[openstack-dev] [all] Proposal: Architecture Working Group

Clint Byrum clint at fewbar.com
Tue Jun 21 18:05:12 UTC 2016


Excerpts from Ian Cordasco's message of 2016-06-21 11:12:40 -0500:
>  
> 
> -----Original Message-----
> From: Michael Krotscheck <krotscheck at gmail.com>
> Reply: OpenStack Development Mailing List (not for usage questions) <openstack-dev at lists.openstack.org>
> Date: June 21, 2016 at 10:18:25
> To: OpenStack Development Mailing List (not for usage questions) <openstack-dev at lists.openstack.org>
> Subject:  Re: [openstack-dev] [all] Proposal: Architecture Working Group
> 
> > On Mon, Jun 20, 2016 at 10:59 AM Clint Byrum wrote:
> >  
> > >
> > > As you should be, and we all must be.
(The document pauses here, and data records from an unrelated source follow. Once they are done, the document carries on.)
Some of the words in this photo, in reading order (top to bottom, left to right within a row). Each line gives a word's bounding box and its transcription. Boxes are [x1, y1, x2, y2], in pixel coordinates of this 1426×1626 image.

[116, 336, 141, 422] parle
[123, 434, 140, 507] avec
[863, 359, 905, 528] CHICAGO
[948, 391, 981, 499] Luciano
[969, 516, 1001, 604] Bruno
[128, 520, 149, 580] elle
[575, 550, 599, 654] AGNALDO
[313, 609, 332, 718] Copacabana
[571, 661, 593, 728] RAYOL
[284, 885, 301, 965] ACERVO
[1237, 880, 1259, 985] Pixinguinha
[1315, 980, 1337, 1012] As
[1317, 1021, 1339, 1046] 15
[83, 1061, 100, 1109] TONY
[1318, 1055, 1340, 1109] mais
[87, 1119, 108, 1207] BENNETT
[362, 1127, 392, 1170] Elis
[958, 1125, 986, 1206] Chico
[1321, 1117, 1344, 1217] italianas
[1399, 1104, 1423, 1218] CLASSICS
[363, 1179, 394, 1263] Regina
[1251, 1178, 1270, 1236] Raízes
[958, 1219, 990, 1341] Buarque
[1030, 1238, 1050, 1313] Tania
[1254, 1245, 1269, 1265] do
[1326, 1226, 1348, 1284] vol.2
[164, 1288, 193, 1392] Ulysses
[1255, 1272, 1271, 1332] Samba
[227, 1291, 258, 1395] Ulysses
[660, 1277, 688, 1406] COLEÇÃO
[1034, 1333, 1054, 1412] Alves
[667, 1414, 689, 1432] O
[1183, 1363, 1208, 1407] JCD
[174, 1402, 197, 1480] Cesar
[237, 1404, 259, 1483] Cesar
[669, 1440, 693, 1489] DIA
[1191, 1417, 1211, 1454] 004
It's not going to happen if we
> > > just dream it. That's kind of the point. Let's write down a design _for
> > > the group that writes down designs_.
> > >
> >  
> > If I had any confidence that this group would have a significant impact on
> > making OpenStack more consistent, easy to work on, and easier to build apps
> > against, I'd be happy to help out.
> >  
> > The only thing that would give me that confidence is if the WG charter had
> > a TC-enforced section of: "If you do not implement this *thing* within two
> > cycles, your project will get kicked out of OpenStack".
> 
> I don't think that will or *should* ever happen. The documents produced by this WG, to me, would be the set of best practices that should be aimed for, not mandatory. Forcing someone to refactor some complex piece of architecture in their project in < 1 year so the project can remain part of OpenStack seems like someone begging for horrible bugs and regressions in critical behaviour.
> 
> This is worse than saying "All projects should stop disabling hacking rules in two cycles or they'll stop receiving OpenStack Infra resources for testing." or "All projects need to write new versions of their API just to conform with the API WG."
> 

Just to be clear, I'm thinking more "This is how a thing should work",
not "best practices". The difference being that we'd write down something
like " message busses should look like X, Y, or Z based on factors a, b,
and/or c", and then we'd actually go fix or document the divergent cases
in OpenStack.

A best practices group would not actually fix anything IMO. It has to be
a group of action. Of course, we'll ask for help from any project teams
that are involved, and coordinate on things like release schedules so
we don't complicate short term plans. But I don't want this to just be a
standards body. I want this to be the group that gets the ball rolling,
and then helps it keep rolling.

There's no such thing as a perfect system, so we need to work toward
a process that produces _good_ results. Enforcement without merit will
just drive a wedge into that process.